(No, I’ve not asked Christopher Booker to do a guest blog, but this is a case which is worthy of attention, given how much press coverage the Italian C-Section case received. I am quite surprised that this made it through the Lord Nueberger view of article 8 and what the word necessary means in that context)
A Local Authority v C 2013
This is unusual, because it is an application that the Local Authority made BEFORE the birth of the child. I have only ever seen one of these before, the one referred to in the judgment Re D 2009.
(a) she lacks capacity to make decisions relating to the future care of her child when born;
(b) it is lawful as being in the best interests of her child when born for its Claimants, its servants or agents immediately to remove the child from the mother’s care and to maintain that separation pending a Court considering the Claimant’s application from an emergency protection order or interim care order;
(c) it is lawful for the minimum necessary force to be used, if required, in the course of effecting and maintaining such separation;
(d) it is lawful for the police to assist in the carrying out of the order by utilisation of their powers pursuant to section 46 of the Children Act 1989; and
(e) it is lawful for the Claimant to withhold from the mother its intention to remove her child from her immediately following birth and, in this regard, not to involve the mother in the planning process for her baby.
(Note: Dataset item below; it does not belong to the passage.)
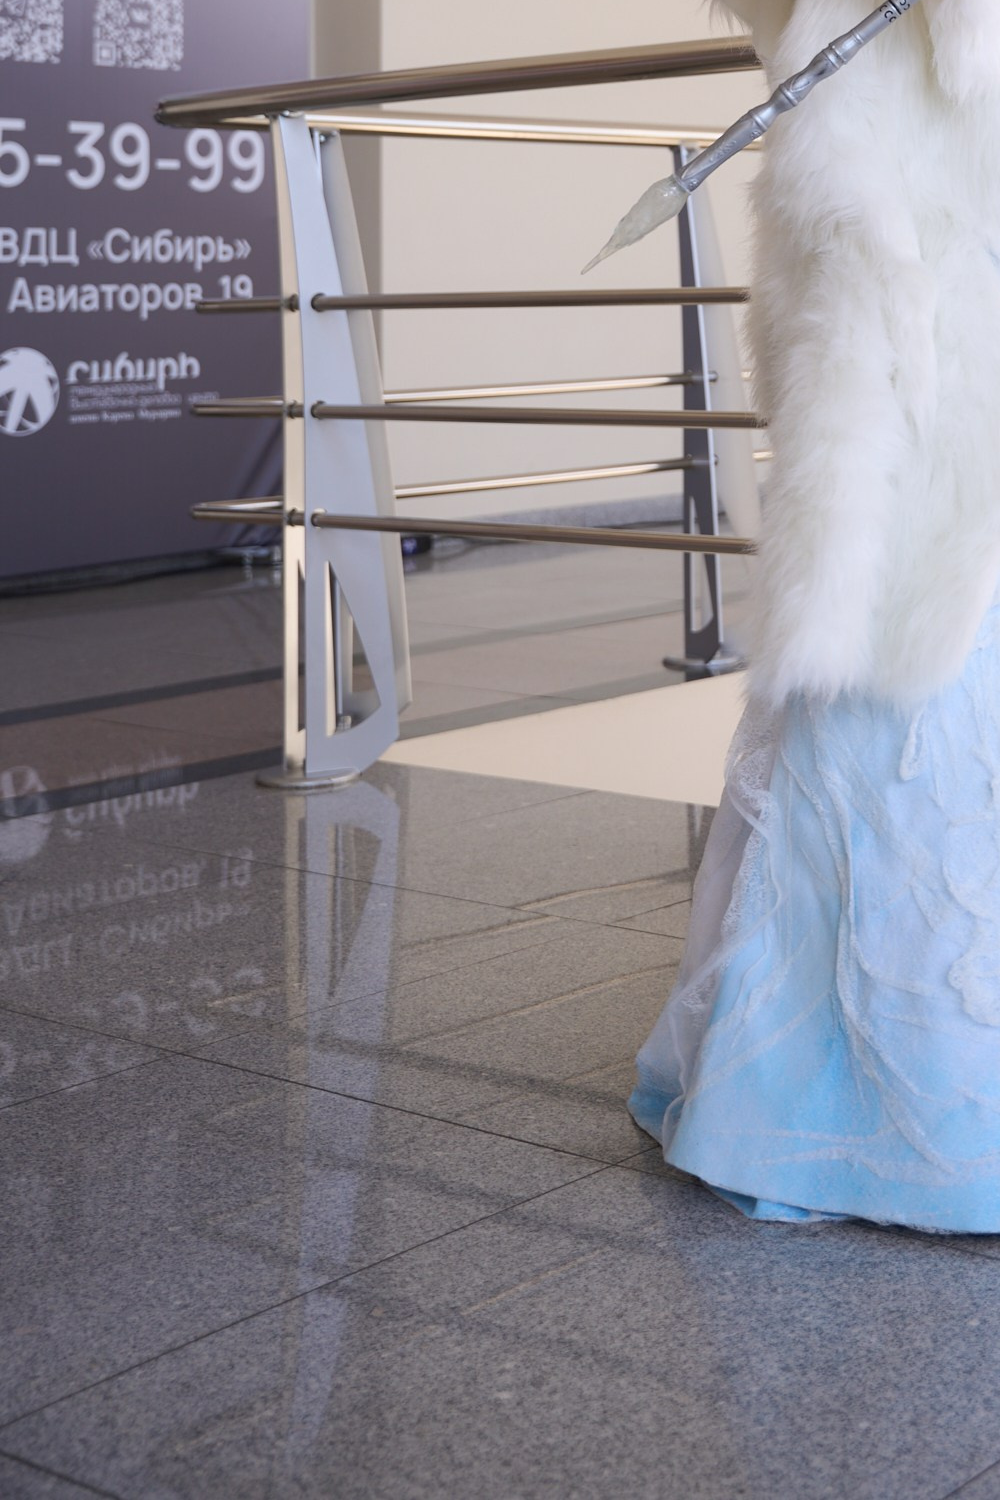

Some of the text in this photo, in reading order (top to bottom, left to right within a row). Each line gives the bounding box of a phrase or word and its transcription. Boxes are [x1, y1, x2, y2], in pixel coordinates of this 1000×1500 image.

[0, 227, 252, 272] ВДЦ «Сибирь»
[217, 274, 253, 300] 19
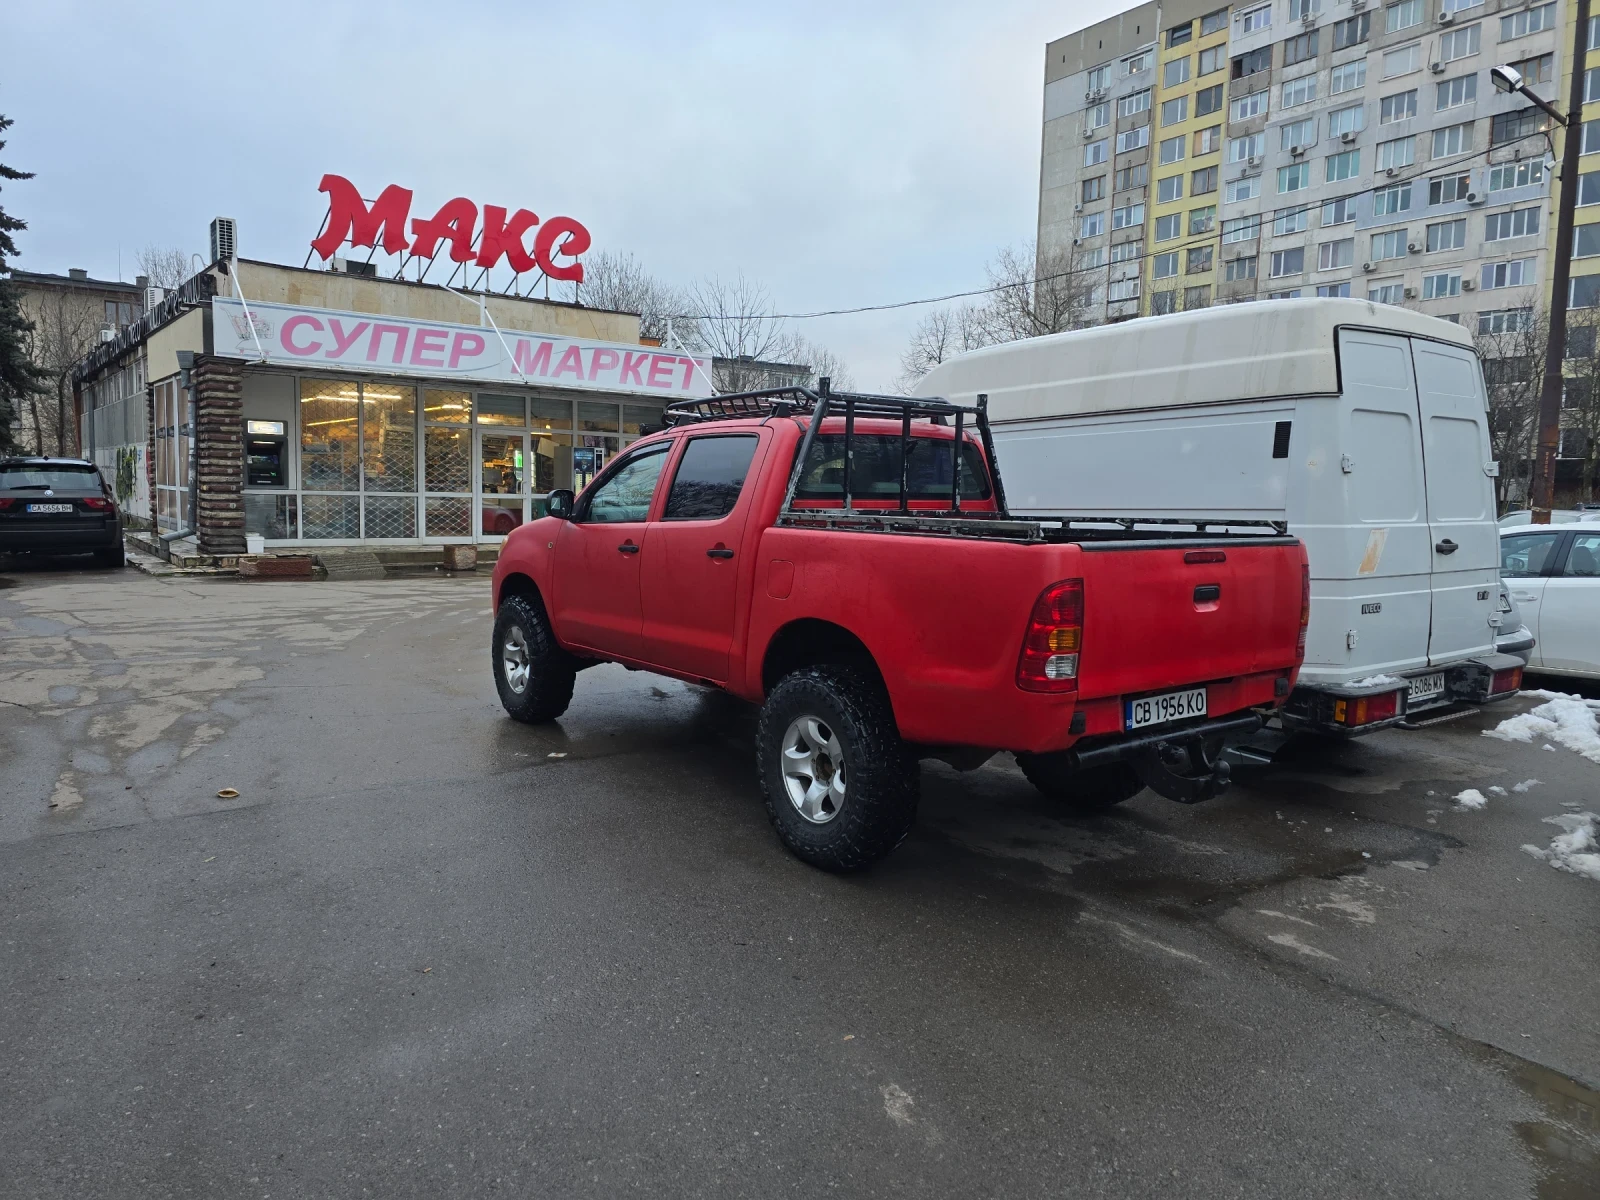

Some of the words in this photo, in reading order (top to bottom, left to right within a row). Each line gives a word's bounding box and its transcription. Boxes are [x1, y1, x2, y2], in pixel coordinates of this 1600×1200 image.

(I note that it is a shame that the order accompanying the judgment is not published, since (b) is interesting. It seems as though that might be akin to an Emergency Protection Order made before the baby is born, to take effect at birth. Edit – actually what it does is tell the police (d) that they can lawfully remove under a PPO. That raises even more questions, since the existing law is that Police Protection ought to be behind making an EPO or ICO application in the pecking order – Liverpool v X, for example)
The mother in this case was said to have profound mental health problems and other issues
Mother has long-standing mental health problems and an IQ of 64. I have read a report from her treating psychiatrist. Her diagnosis is of paranoia and psychosis. She also abuses drugs. She is described as challenging, and she can be volatile. She has had two previous children, both of whom were removed from her very early in their lives. The elder was removed from her care in 2007 aged three weeks, when mother physically injured that child by causing twisting injuries to his arms and bruising to his chest. Both those children now live with those children’s father. She is now pregnant again, by a different father, with an estimated delivery date of 22nd September 2013.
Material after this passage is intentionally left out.